2021年07月

ユークレース 1.631ct

コレクターが愛してやまない
出逢いこそ奇跡のレアストーン

ブラジルやコロンビアのほか、微細ながら岐阜県でも結晶が発見された歴史のあるユークレース。欠けやすい性質で、研磨やカットにはとても気を遣うことから、宝飾品としての流通は非常に希少です。実は私も、ユークレースの存在を知ったのは数年前のこと。これまで仕入れたのもわずか3ピースです。

「簡単に割れる」という意味のギリシャ語を由来とする名称にも表れているように、ユークレースには特定の方向に限り割れやすい性質「劈開性(へきかいせい)」があります。なかでも一番割れやすい「完全劈開性」でありながら、鉱石の硬さを示すモース硬度は7.5と高め。表面には傷がつきにくい性質もあります。

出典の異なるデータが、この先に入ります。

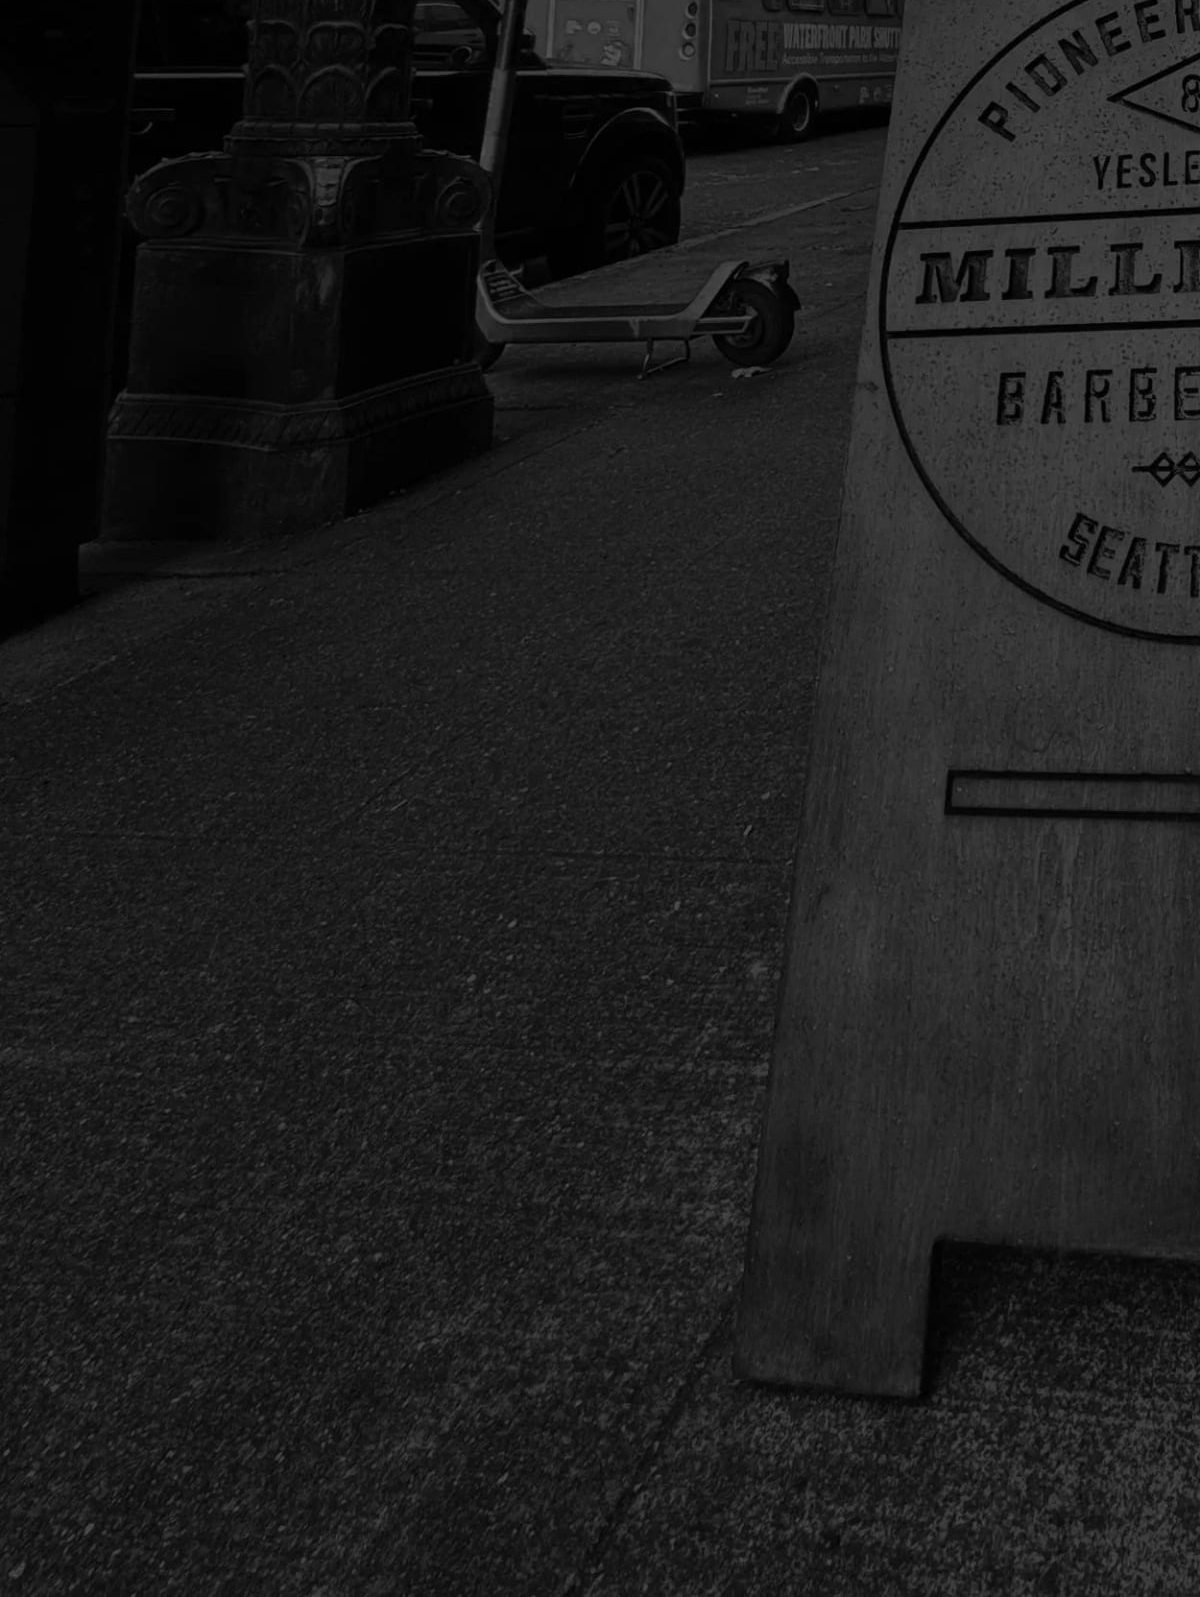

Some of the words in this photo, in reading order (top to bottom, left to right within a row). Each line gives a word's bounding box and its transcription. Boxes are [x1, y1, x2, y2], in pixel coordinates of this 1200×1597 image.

[724, 19, 779, 73] FREE
[783, 23, 849, 50] WATERFRONT
[849, 25, 873, 49] PARK

ユークレースの青色は幅が広く、不純物によって無色や白、緑がかったものまで存在します。色が似ていることでアクアマリンと間違えられていた過去がありますが、アクアマリンの青を「海」に例えるならなら、ユークレースの青は「ガラス細工」。自然物なのに、創作物のような不思議な「青」を感じます。

簡単に割れてしまう脆さがあるのに実は固く、揺るがない自分を持つ強さ。それは一見すると相対するものにも感じますが、裏を返せば「割れやすく儚げだからこそ、割れないよう自分を強く持ち続けている」ということ。だからこそ美しく輝き、その儚さを守ってあげたいと思えるのです。